The oil sector is facing headwinds. Whether rapidly falling oil prices due to geopolitics and demand shocks or criticism from governments and the public about climate change, oil companies have a lot on their mind. The current price volatility brought on by the global response to Covid-19 will likely force oil companies to reduce capital projects and operating expenses in the coming months, if not years. Against this backdrop, digitalization brings a chance for resiliency and modernization. Investing in artificial intelligence, drones, augmented reality and cloud computing is a positive move for oil companies that want to reduce operating expenses and breakeven costs, and to reflect the care they take in ensuring the safety of employees and limiting greenhouse gas emissions. Automation, training and remote employee work are top of mind for oil companies, responding to Covid-19, and all of these technologies depend on a strong corporate digital foundation. In the past year there have been a plethora of digitalization strategy launches by the oil and gas sector. Our analysis quantifies the benefits of digital technologies to the oil sector, draws a link between decarbonization and digitalization, and ranks the leading oil companies based on their plans, progress, and IP.
There are both push and pull factors that have spurred companies to digitalize. There are regional factors which contribute, like the number of similar wells or tricky geologic features. In the upstream, unconventional fields in the U.S. have been using analytics to benchmark similar wells, extend their productive lifespan and optimally site wells. New data sources have provided opportunity for collaboration in parallel with the rise of open source platforms, blockchain consortia and marketplaces as companies sort out which of their data creates a competitive edge and which is more valuable when aggregated with competitors’.
Push factors:
Pull factors:
More certainty around production, asset uptime and market participation given current oil price volatility
Potential to improve production, especially in unconventional fields
Potential for new field discoveries
Technology buzz can be a useful recruiting and PR strategy
Falling cost of sensors and computing power; benefits of cloud computing and software-as-a-service
Where are the benefits?
Digital technologies are used across the oil and gas value chain but in differing degrees. Historically, companies have collected data and analytics on their upstream operations to improve production and benchmark wells. But the falling costs of sensors and computing have strengthened the economics for using IoT technology to reduce costs downstream. Retrofitting project for older plants will lead by European refiners facing collapsing margins, and new megaprojects in Asia and the Middle East will likely have analytics already built in.
"However, the highest potential for digitalization is to use analytics to find and recover more oil. "Upstream, oil companies have owned the largest commercial supercomputers for decades to process enormous amounts of seismic data to discover new reservoirs.

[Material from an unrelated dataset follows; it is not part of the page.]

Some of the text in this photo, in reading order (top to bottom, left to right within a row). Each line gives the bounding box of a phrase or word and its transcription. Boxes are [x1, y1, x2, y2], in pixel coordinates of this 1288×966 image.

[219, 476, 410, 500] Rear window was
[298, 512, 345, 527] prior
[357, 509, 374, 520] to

Now, oil majors are taking advantage of the flexible and scaling resources of the cloud to lower costs and accelerate their exploration. They are also investing substantial funds – $400 million per year for the Total and Google collaboration – to identify use cases for machine learning to better identify promising projects and optimally site wells within a field.
Digital technologies can reduce oil refinery operating costs by $0.44/barrel, equivalent to 11.5% of operational costs in the U.S., according to BloombergNEF. However, very few refineries have fully adopted these technologies.

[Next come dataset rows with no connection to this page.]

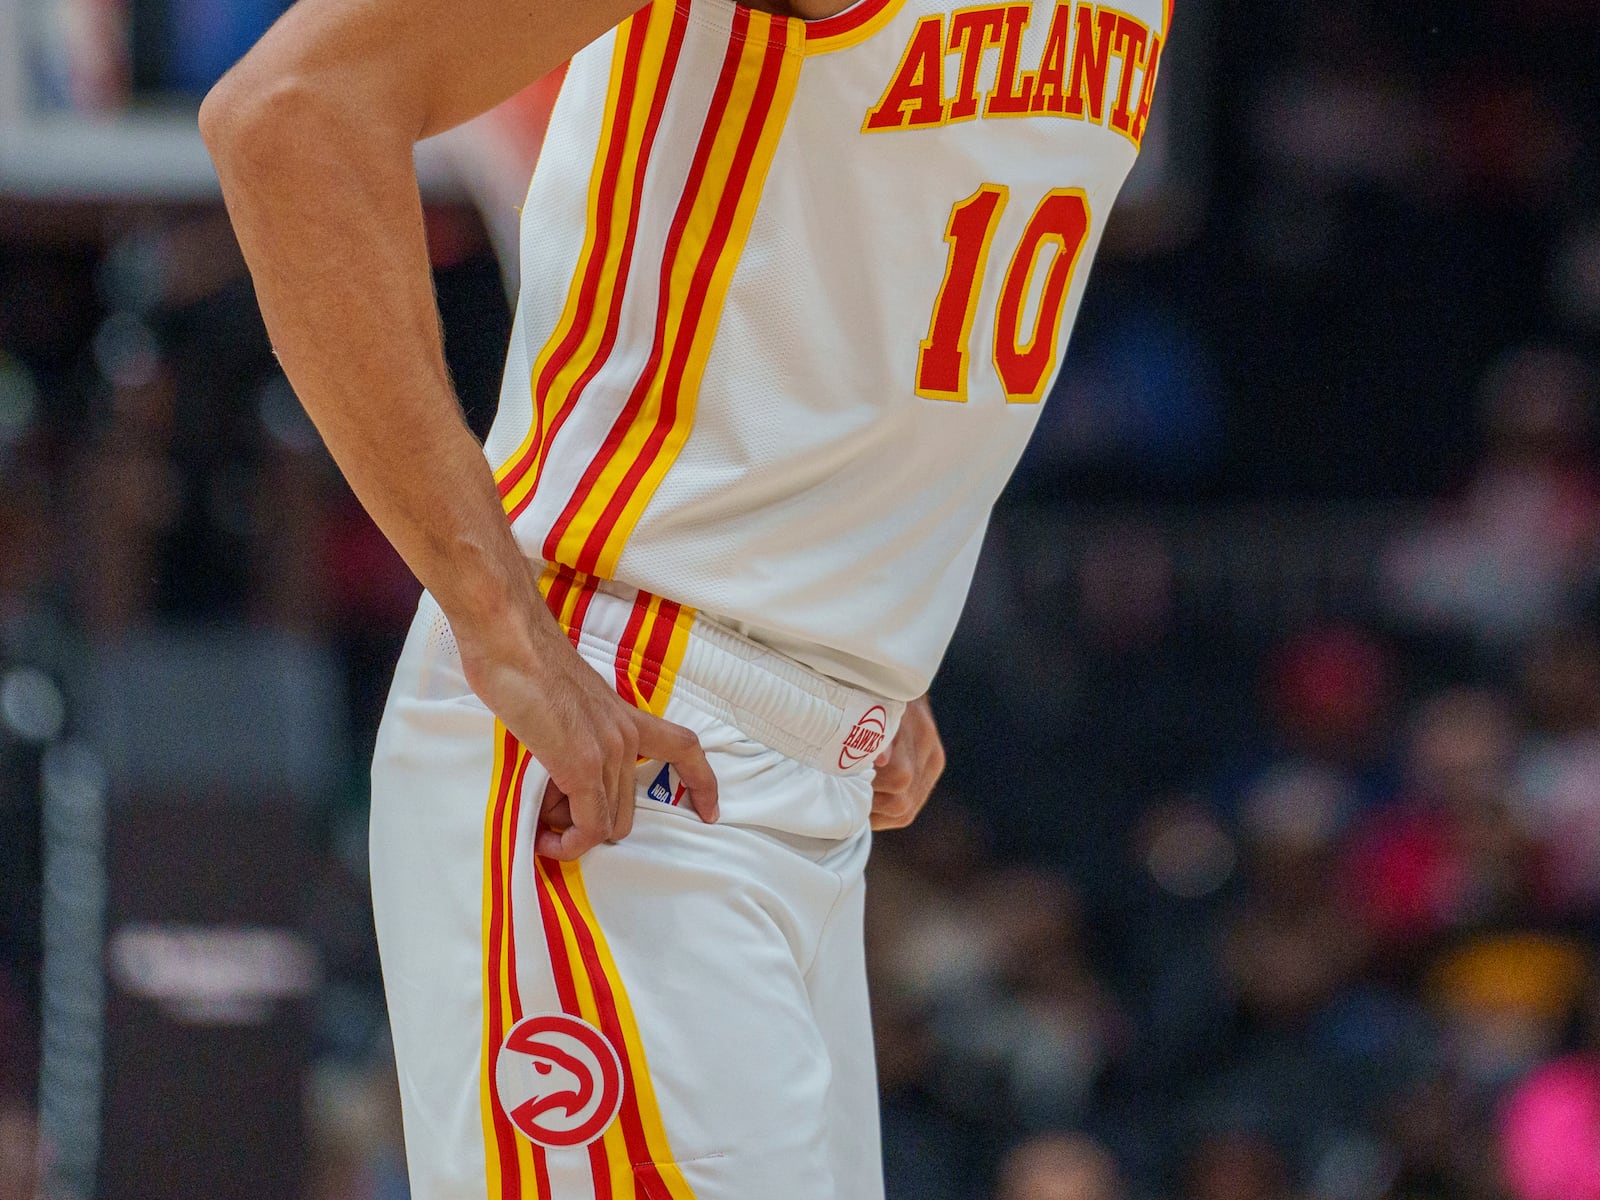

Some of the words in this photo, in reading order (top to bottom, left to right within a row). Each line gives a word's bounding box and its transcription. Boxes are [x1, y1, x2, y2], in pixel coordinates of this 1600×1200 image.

[860, 0, 1161, 152] ATLANTA
[915, 182, 1092, 404] 10
[842, 725, 885, 753] HAWKS
[650, 783, 670, 803] NBA
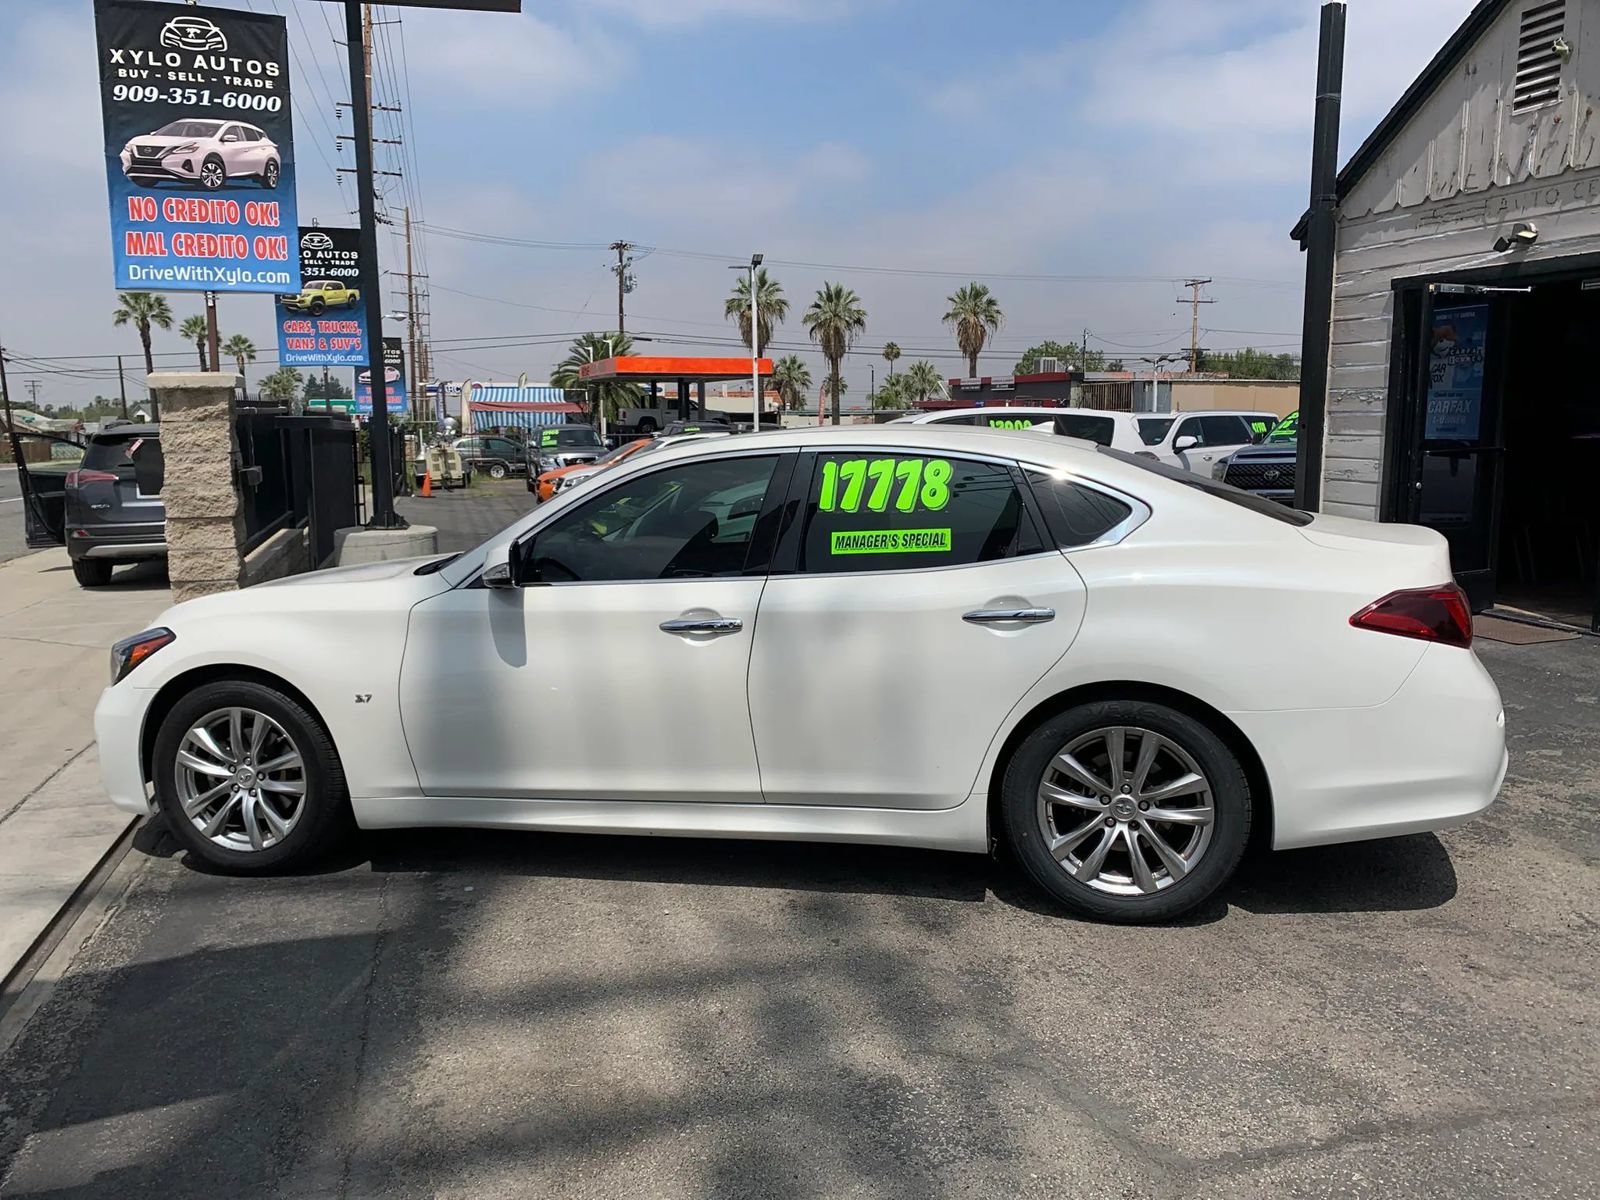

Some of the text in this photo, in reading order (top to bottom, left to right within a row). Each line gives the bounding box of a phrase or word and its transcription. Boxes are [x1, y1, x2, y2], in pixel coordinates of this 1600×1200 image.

Labor is often the largest operating cost for refiners, except for material inputs like crude. Digital technologies can accelerate knowledge transfer, increase on-site safety, enhance productivity and centralize engineering experts. Predictive maintenance is being applied to aging assets to flag future failures. BNEF expects this can cut unplanned downtime by 25%. These technologies can reduce the cost of refining oil, increase asset flexibility and serve the oil market better. But they also mean refiners have to adopt cloud computing, invest in talent, and make new partnerships with technology firms.